**Information provided**
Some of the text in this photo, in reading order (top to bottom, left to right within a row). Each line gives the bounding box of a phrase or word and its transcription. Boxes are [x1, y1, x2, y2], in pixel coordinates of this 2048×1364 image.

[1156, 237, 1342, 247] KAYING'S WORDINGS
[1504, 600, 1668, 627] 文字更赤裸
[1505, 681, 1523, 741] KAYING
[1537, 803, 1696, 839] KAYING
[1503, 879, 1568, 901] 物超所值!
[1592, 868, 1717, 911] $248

---

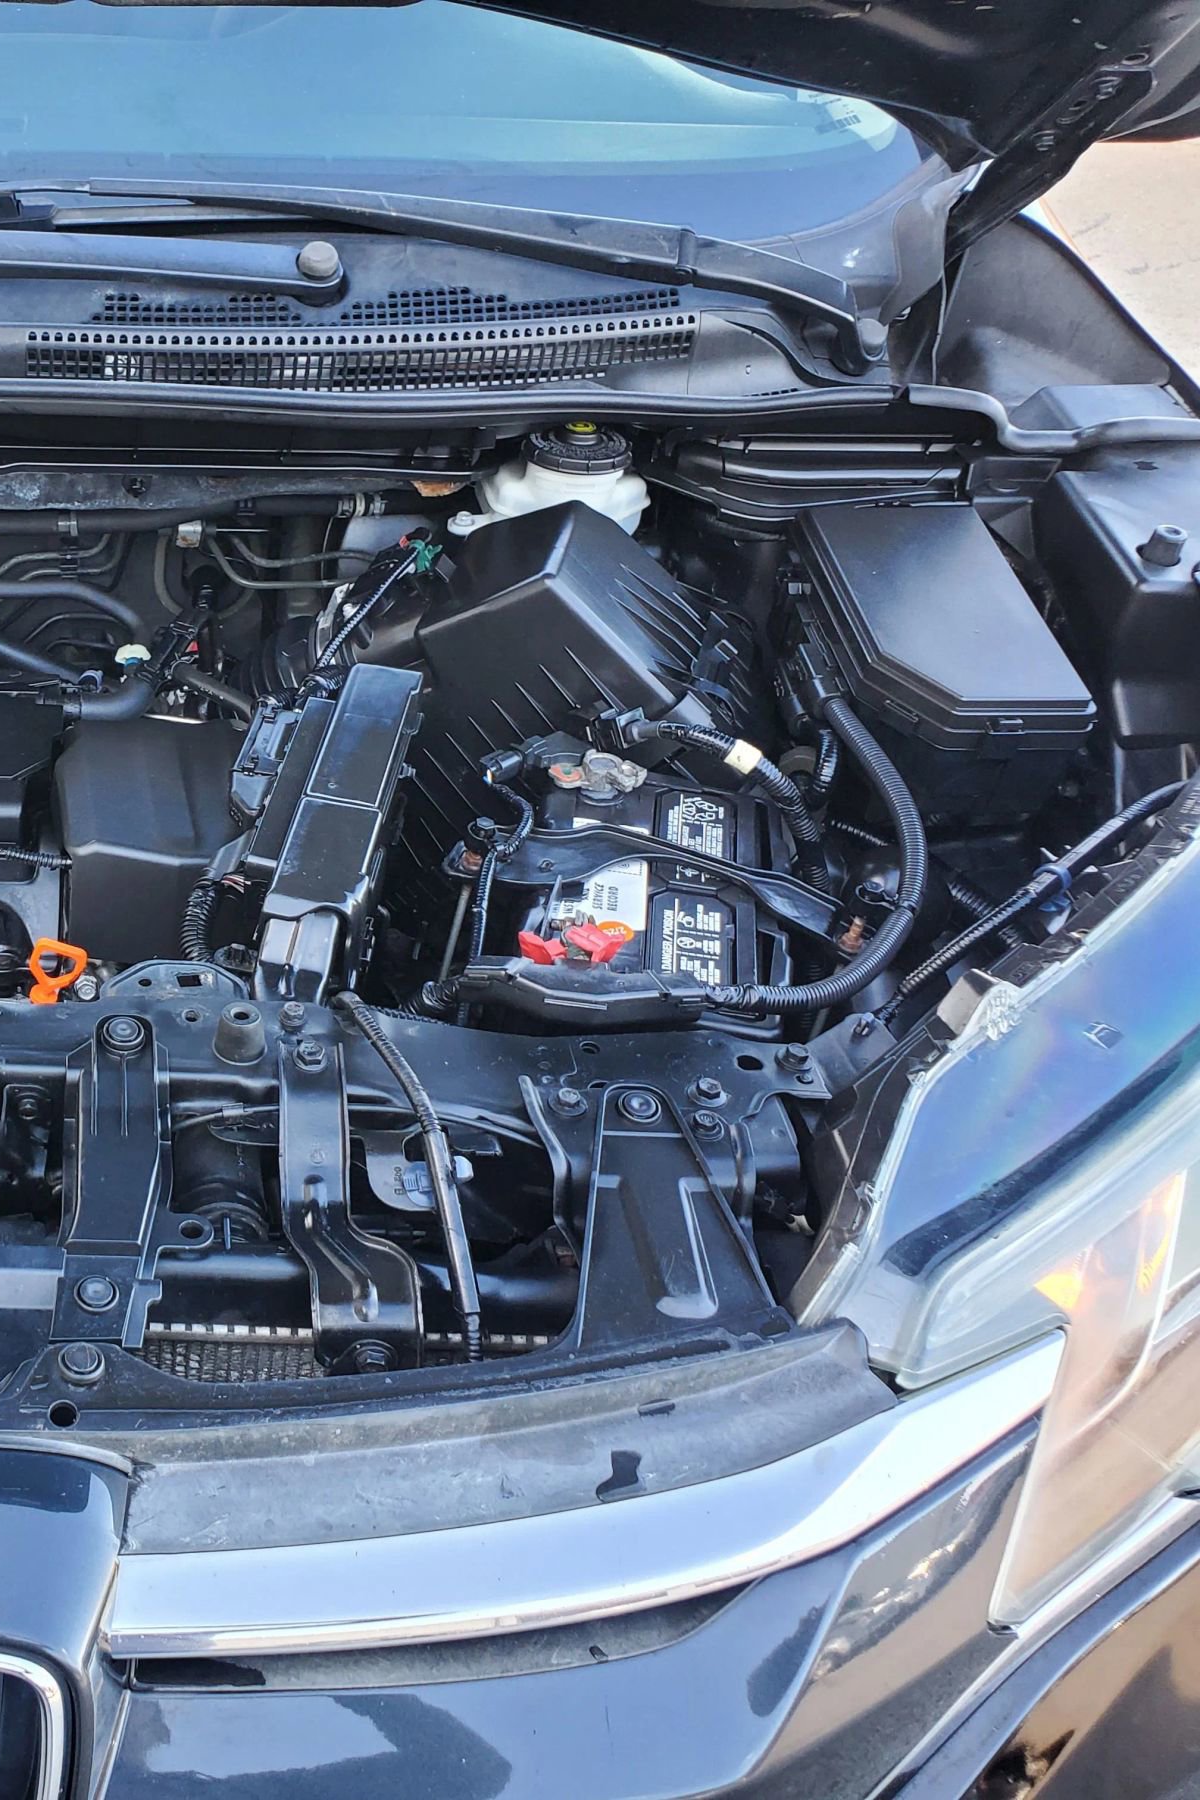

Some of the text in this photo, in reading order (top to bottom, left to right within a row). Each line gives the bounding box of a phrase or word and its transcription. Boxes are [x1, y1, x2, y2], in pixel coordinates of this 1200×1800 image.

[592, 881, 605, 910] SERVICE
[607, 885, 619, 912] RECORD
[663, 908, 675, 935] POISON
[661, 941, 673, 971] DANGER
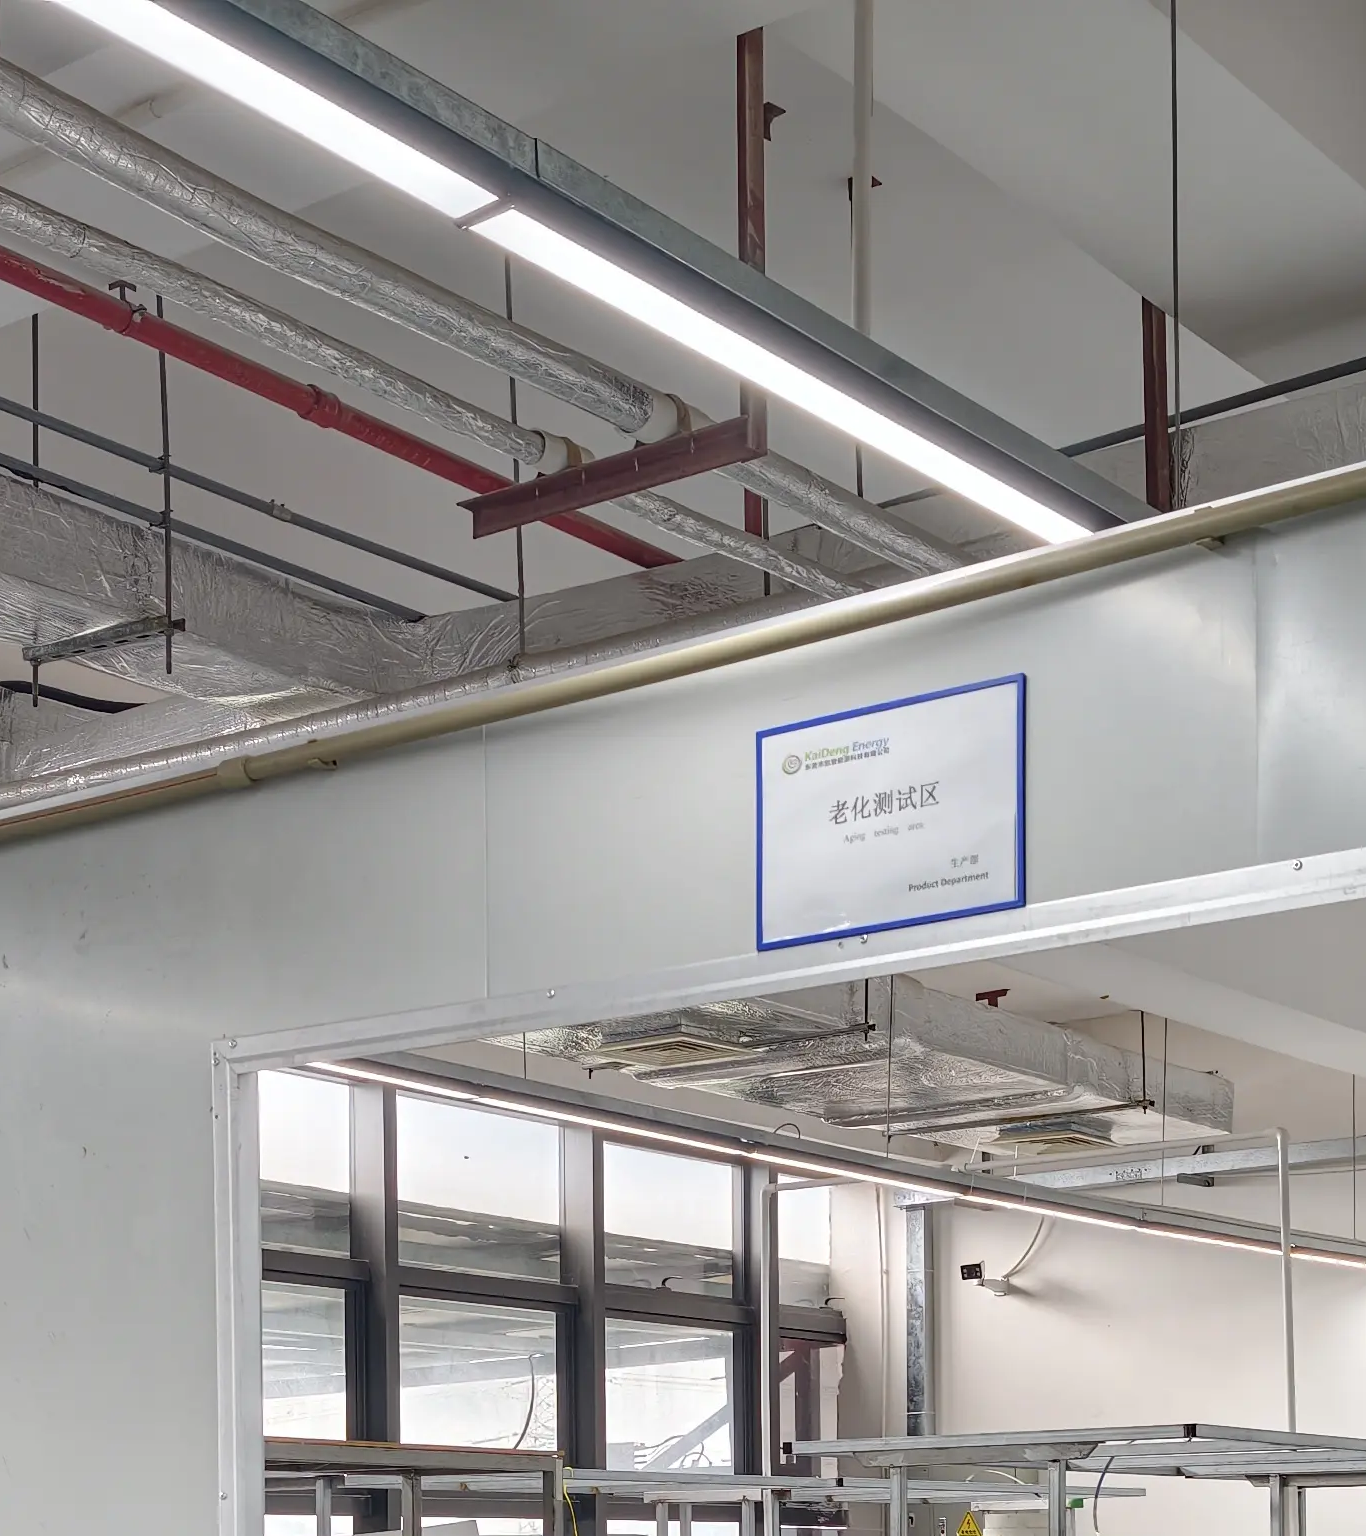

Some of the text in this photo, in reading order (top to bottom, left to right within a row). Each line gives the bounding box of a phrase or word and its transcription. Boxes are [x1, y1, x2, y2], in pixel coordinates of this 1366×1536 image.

**Description of the task**
Above are the records. Copy word for word only their lines from the one holding "this 1200×1800 image." through the one holding "this 1366×1536 image.", both included, and skip the images.

**Answer to this exercise**
Some of the text in this photo, in reading order (top to bottom, left to right within a row). Each line gives the bounding box of a phrase or word and its transcription. Boxes are [x1, y1, x2, y2], in pixel coordinates of this 1200×1800 image.

[592, 881, 605, 910] SERVICE
[607, 885, 619, 912] RECORD
[663, 908, 675, 935] POISON
[661, 941, 673, 971] DANGER

Some of the text in this photo, in reading order (top to bottom, left to right within a row). Each line gives the bounding box of a phrase or word and its transcription. Boxes are [x1, y1, x2, y2], in pixel coordinates of this 1366×1536 image.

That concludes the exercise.